Tuesday, April 28, 2009

quick!

Ahhh internet's shutting off. I gotta be quick. GOD I can't wait to be in college. I am SO SICK of being a high school student here, at this damn place. Arghhh can't even tell you how sick of it I am. My mom and I were talking, and she actually was like 'well I'd rather not cuz you're a high school student'. In my mind I was like 'WHOA BACK UPPPPP. Are you serious?!' I'm NINETEEN next month. What is the DEAL? Most of my friends back home are already in college.. some of them are already working. Geeeeeeeeez.

I'm a tad ADD tonight. Can't help myself.

Ahhhh my collarbone hurts. I know whose fault that is.

There's a track meet tomorrow. I really hope we have a remote chance of whipping L'ville's ass. That would definitely make all that managerial duties worth it. I need to keep working out... I need to call Karen. I need to make sure I have all that stuff for the visa done soon!
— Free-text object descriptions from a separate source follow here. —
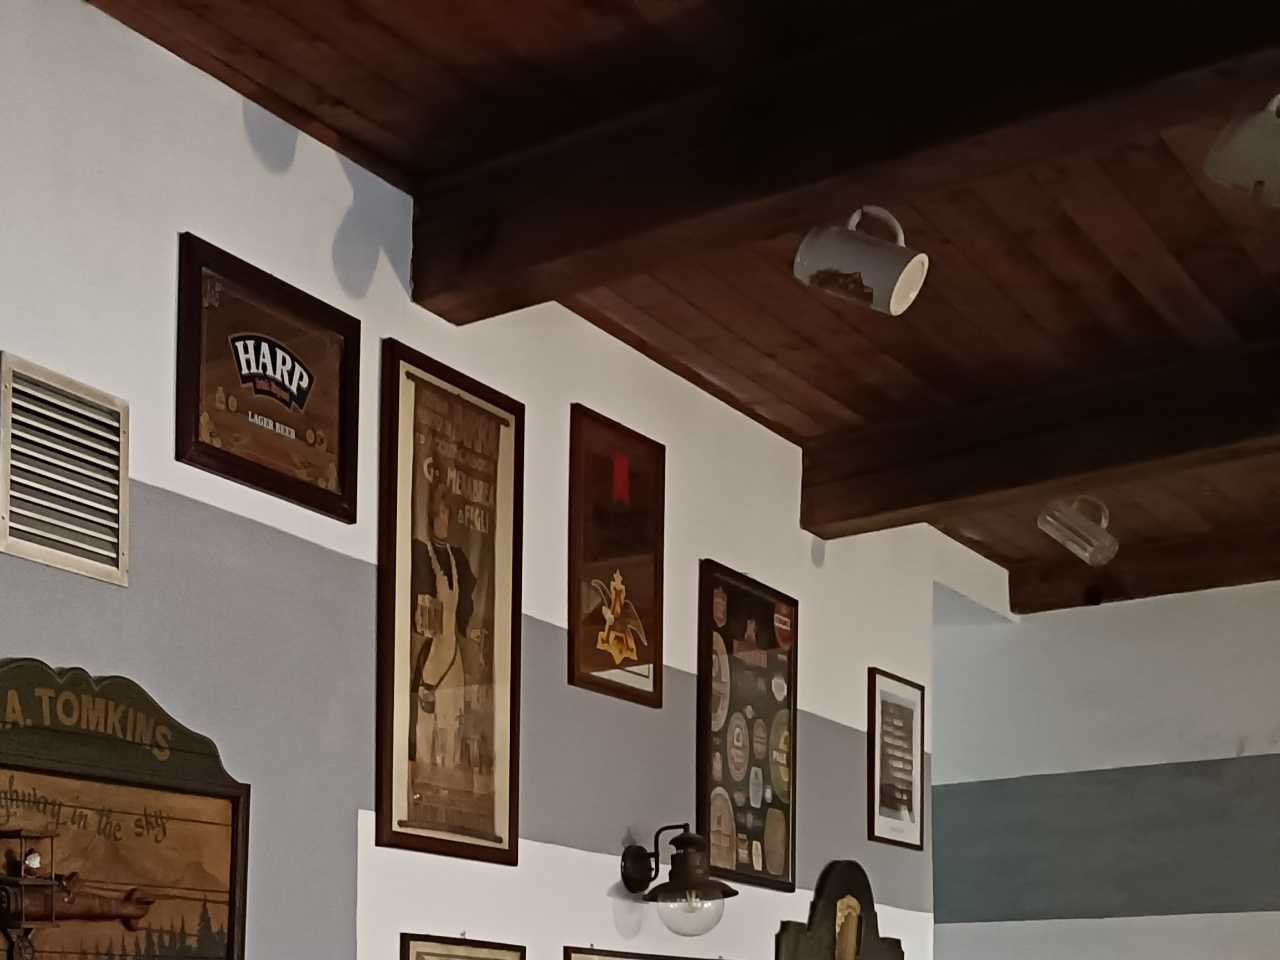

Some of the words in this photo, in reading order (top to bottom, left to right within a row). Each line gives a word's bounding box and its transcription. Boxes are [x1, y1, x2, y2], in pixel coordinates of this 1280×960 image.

[234, 340, 309, 394] HARP
[248, 410, 274, 431] LAGER
[34, 686, 173, 761] TOMKINS
[70, 795, 89, 829] in
[94, 805, 123, 841] the
God, am I excited for that trip.

~

Current mood: Taking life easy for once.
Current song: Land Down Under - Men At Work (SO classic.)
Current quote: "True, you have no equilibrium, but everyone has one flaw."

He is the most adorable thing. I don't think you understand. I am mad about him. Hahahaha. God. Let's continue this post tomorrow. PUBLISH POST BEFORE THE INTERNET SHUTS OFF!!

Friday, April 24, 2009

the power of now.

So much has happened in the past month. I can't believe it, actually. I decided I'm going to Europe over the summer, I sent in my deposit for Vassar, and I fell in love. Life is good for now. Kind of.

I'm just counting down the 29 (maybe 28?) days till I graduate. I need to just get out of here... it's too much to take anymore. Watch me get kicked out of the school for something absolutely stupid... by this point in the year, I'm usually walking on eggshells, desperately trying to get by the rules which are just suffocating me. God. I wish I was in college already.

I hope this entire New York situation works out. It's stressing me out...more than I'd like to admit.

I'm stressing out about my grades this list... I seriously hope they're not gonna plunge downhill drastically. If I don't get into Vassar, life will NOT be good. I will definitely develop manic depression or something. Gotta keep myself motivated!! I hope they get my deposit by the end of today...

So... looks like there's a lot of partying and traveling that's gonna happen this summer. Europe, then Jalynn's coming... and then Phuket, and now possibly Bali. It'll be nice. I miss home so much... I'm so sick of Pennsylvania. So tired of this environment.

The NYSE trip was waaaaaaaay awesome. I want to be one of those people working there. That would make my LIFE. I want to be a workaholic, with a career so intense that I don't have time to go to the bathroom during work hours, that I don't have dinner till 2am. Hahahaha it sounds crazy, but I really think I will thrive in that sort of environment. As long as I don't lose my peace of mind though, you know? Talking to the Hill alumni who're involved in finance was a real eye-opener. Gotta travel, and go for my passions in life, before I end up stuck with a job. Your first job's usually not gonna be the one you'll end up doing for the rest of your life. Keep working at it, and don't feel like just because you're the "gopher", you're not contributing at all. $500 million deals are put together by the "gophers". Not only that, the degree you get from college really isn't going to contribute to your job: in the business world, you learn things on the fly. It's awesome. I love that...because I think that once I expose myself and put myself out there, I'll pick things up a lot more quickly.

~

Current mood: trust me.
Current song: Final Distance - 宇多田光
Current quote: "You're just confusing yourself."

I read Zufar's blog post to my mom. God...why are people just so inconsiderate? So close-minded? So cruel and brutal, blinded by their beliefs? How far away are those people from Brahman? Is there any possible way to bring them back?

The power of now is all there is. I hope he doesn't retaliate, because no violence brings inner peace. I just want him to be happy.